* _Directions_
Without including any pictures, write out the data below exactly.
------------------------------------------------------------------------
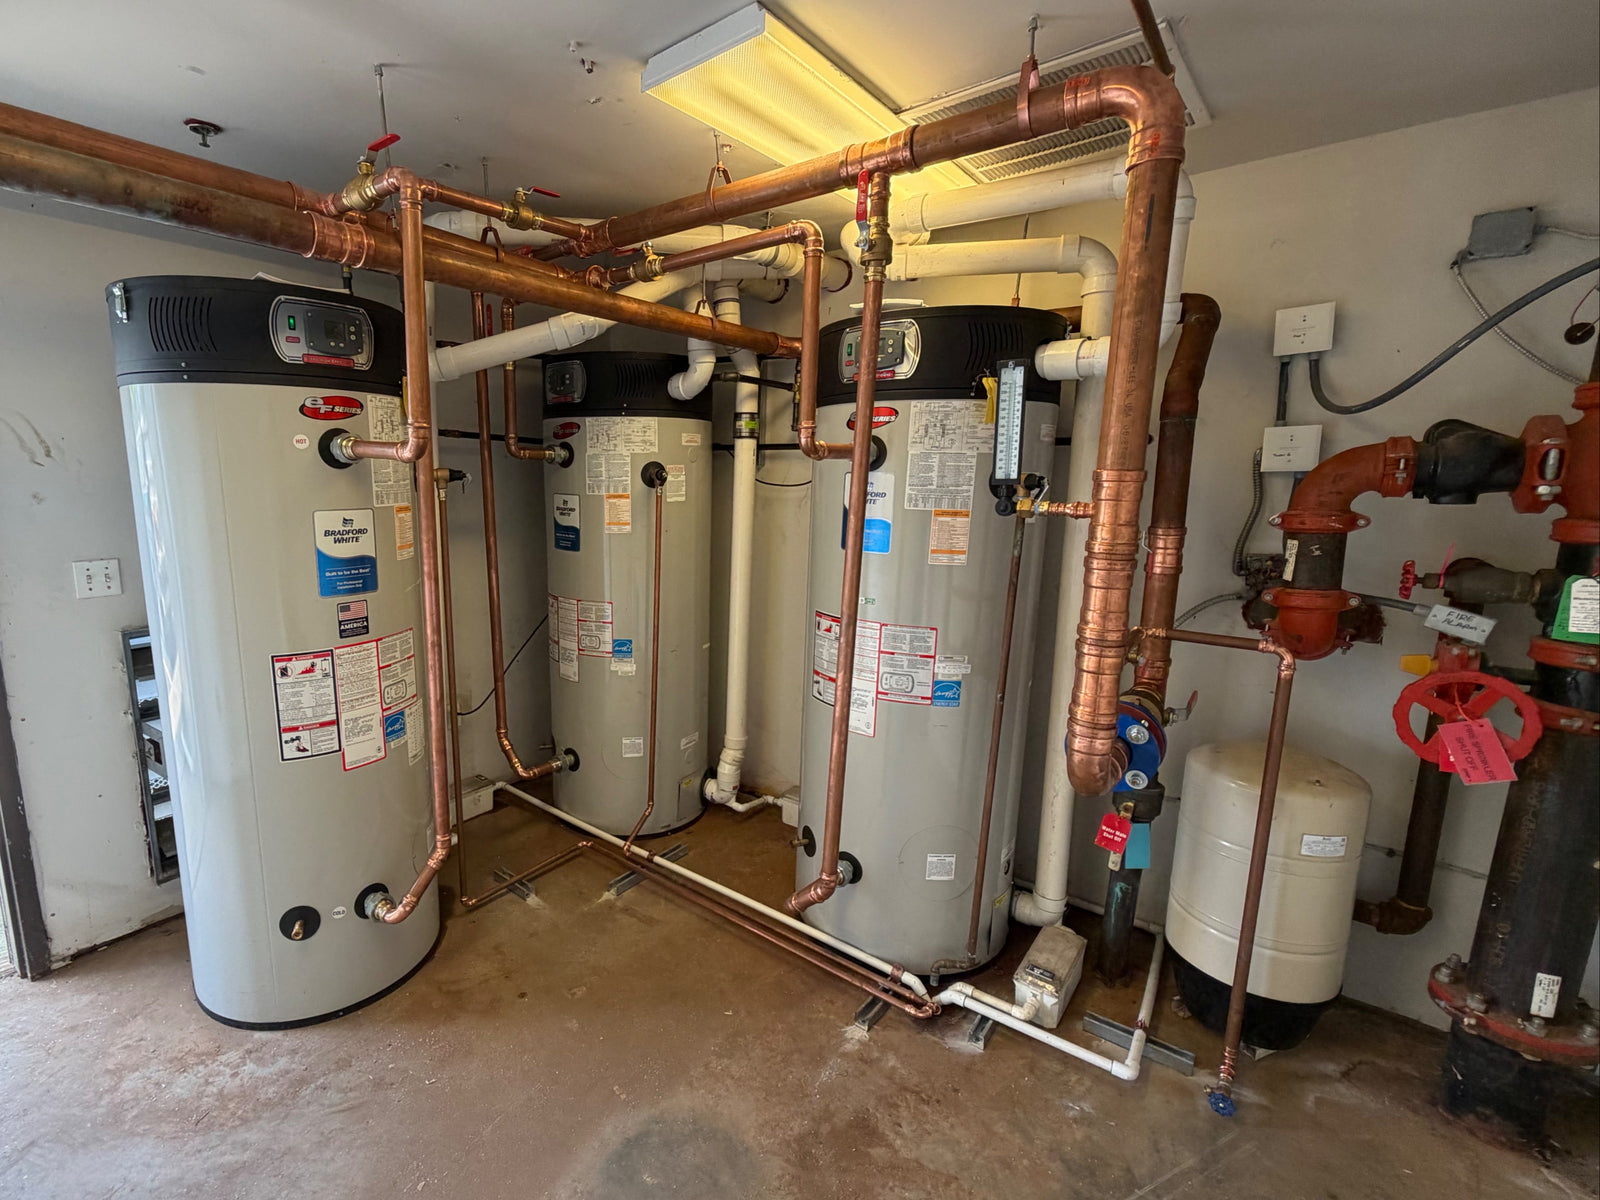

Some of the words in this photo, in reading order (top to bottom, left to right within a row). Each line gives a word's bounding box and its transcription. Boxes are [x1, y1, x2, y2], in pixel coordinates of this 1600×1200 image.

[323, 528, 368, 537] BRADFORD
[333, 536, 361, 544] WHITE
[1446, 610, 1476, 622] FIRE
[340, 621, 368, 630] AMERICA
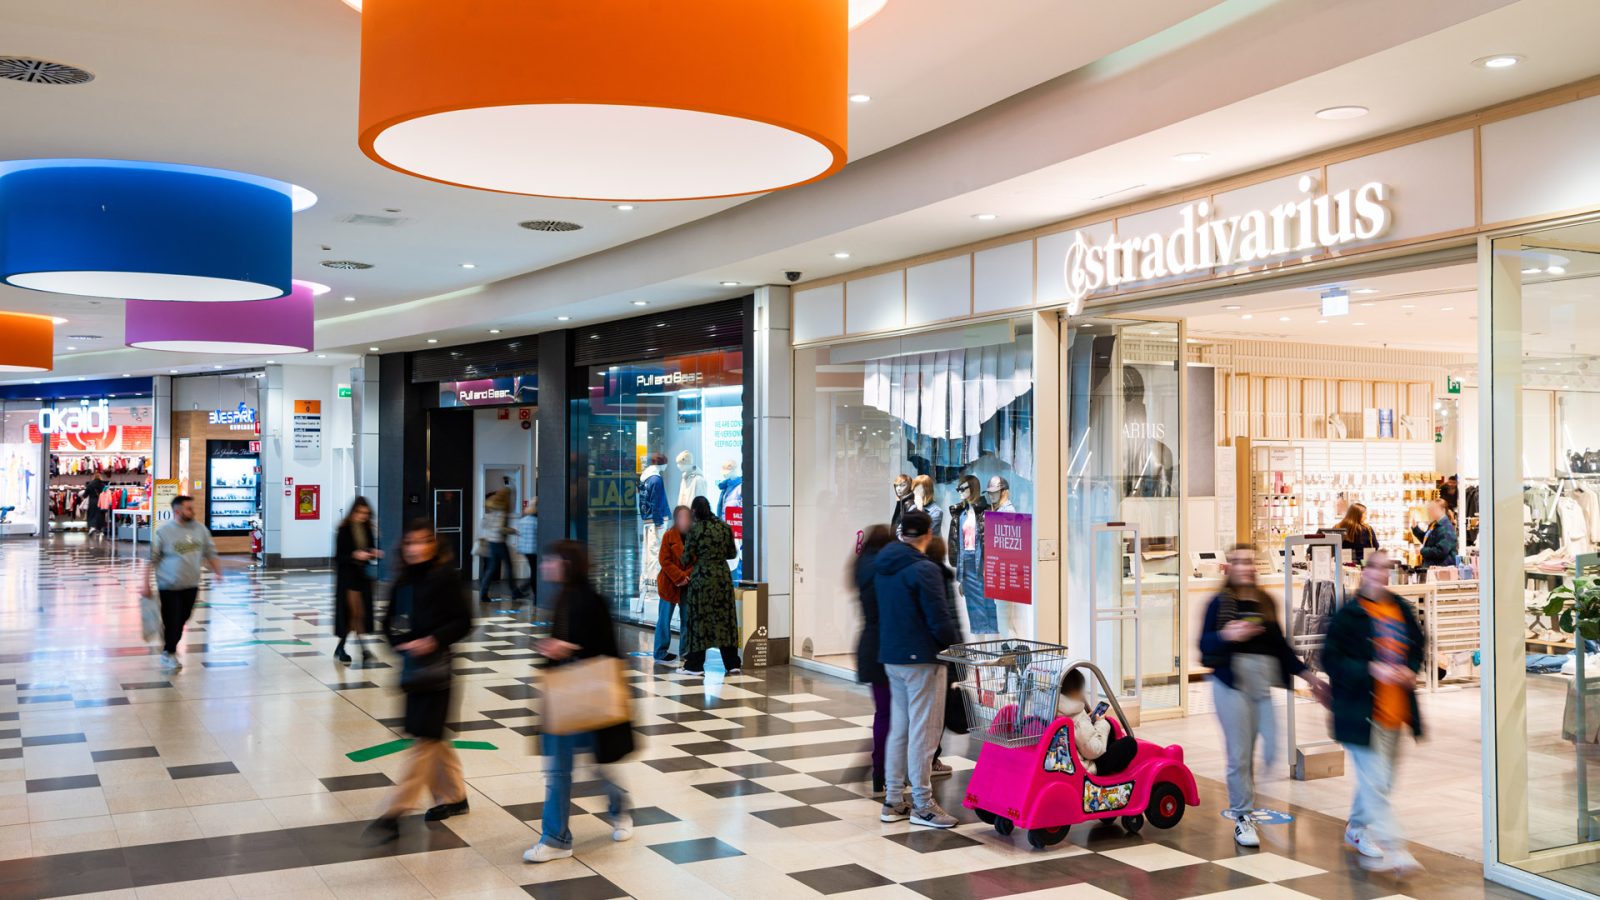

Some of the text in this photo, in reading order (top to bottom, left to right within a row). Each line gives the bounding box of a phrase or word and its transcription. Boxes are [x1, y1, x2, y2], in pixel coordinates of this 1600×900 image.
------------------------------------------------------------------------
* _Exercise output_
Some of the words in this photo, in reading order (top to bottom, left to right within a row). Each line gives a word's bounding box and its transcription. Boxes are [x1, y1, x2, y2], in pixel coordinates of this 1600×1200 image.

[323, 528, 368, 537] BRADFORD
[333, 536, 361, 544] WHITE
[1446, 610, 1476, 622] FIRE
[340, 621, 368, 630] AMERICA

Some of the text in this photo, in reading order (top to bottom, left to right within a row). Each line gives the bounding box of a phrase or word and its transcription. Boxes are [x1, y1, x2, y2], in pixel coordinates of this 1600×900 image.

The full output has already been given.